◆ **YOUR TASK**
Because the entries hold pictures, reproduce only their words, exactly as written.

____

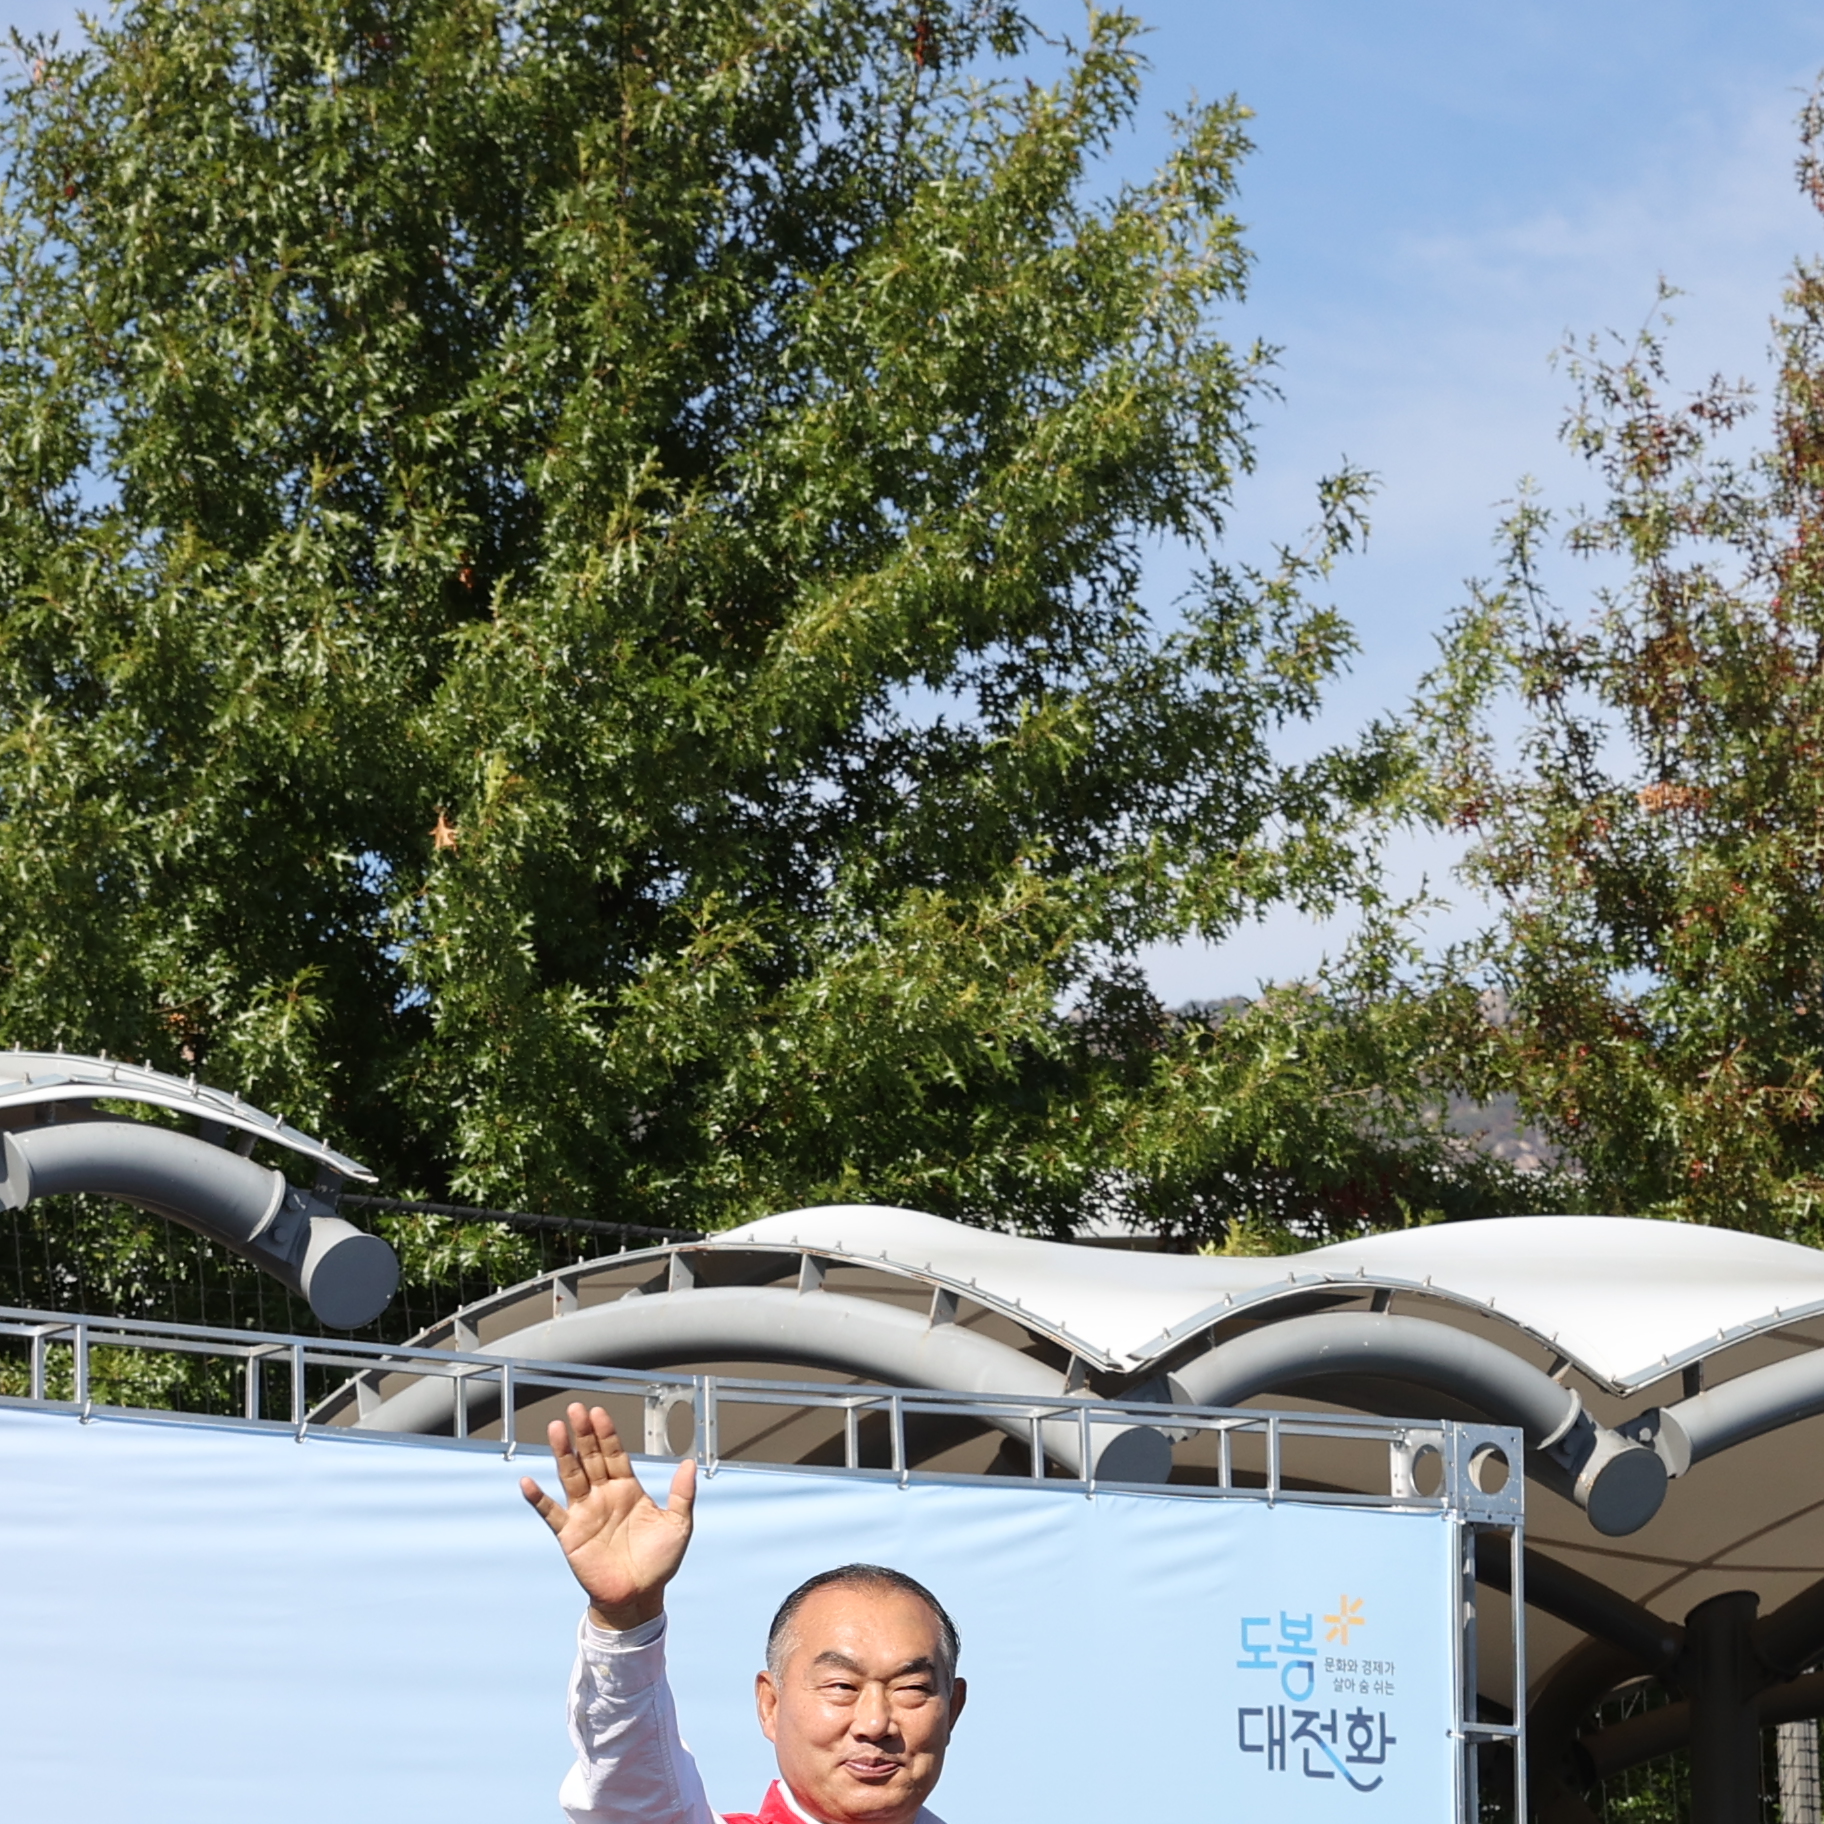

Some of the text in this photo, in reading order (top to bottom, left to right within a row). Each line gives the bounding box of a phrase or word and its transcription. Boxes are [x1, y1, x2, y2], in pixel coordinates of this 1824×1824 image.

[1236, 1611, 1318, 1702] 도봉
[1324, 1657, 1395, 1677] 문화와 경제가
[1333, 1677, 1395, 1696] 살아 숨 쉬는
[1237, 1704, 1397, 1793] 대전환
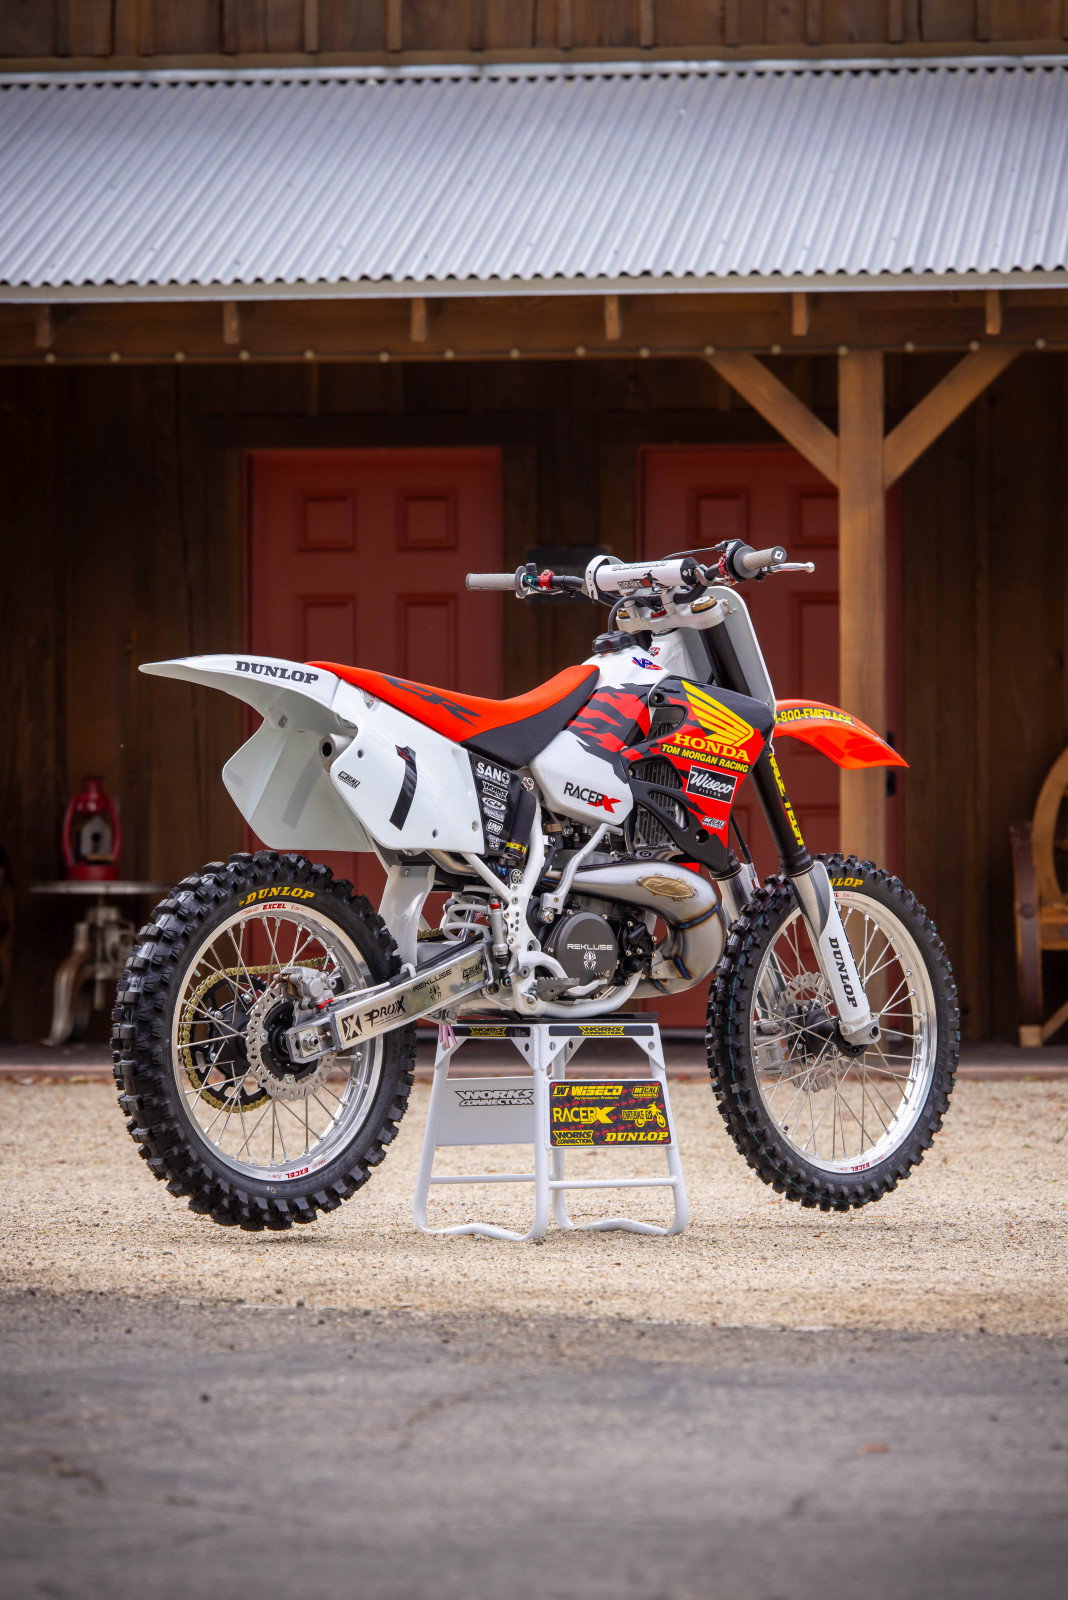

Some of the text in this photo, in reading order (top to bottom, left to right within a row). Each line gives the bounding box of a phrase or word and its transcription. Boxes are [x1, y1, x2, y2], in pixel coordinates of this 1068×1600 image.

____

◆ **ANSWER TO THIS PROBLEM**
Some of the text in this photo, in reading order (top to bottom, left to right within a row). Each line gives the bounding box of a phrase or word and its transcription. Boxes are [x1, y1, x2, y2], in pixel coordinates of this 1824×1824 image.

[1236, 1611, 1318, 1702] 도봉
[1324, 1657, 1395, 1677] 문화와 경제가
[1333, 1677, 1395, 1696] 살아 숨 쉬는
[1237, 1704, 1397, 1793] 대전환

Some of the text in this photo, in reading order (top to bottom, left to right within a row). Each line gives the bounding box of a phrase or word and its transcription. Boxes are [x1, y1, x2, y2], in pixel coordinates of this 1068×1600 image.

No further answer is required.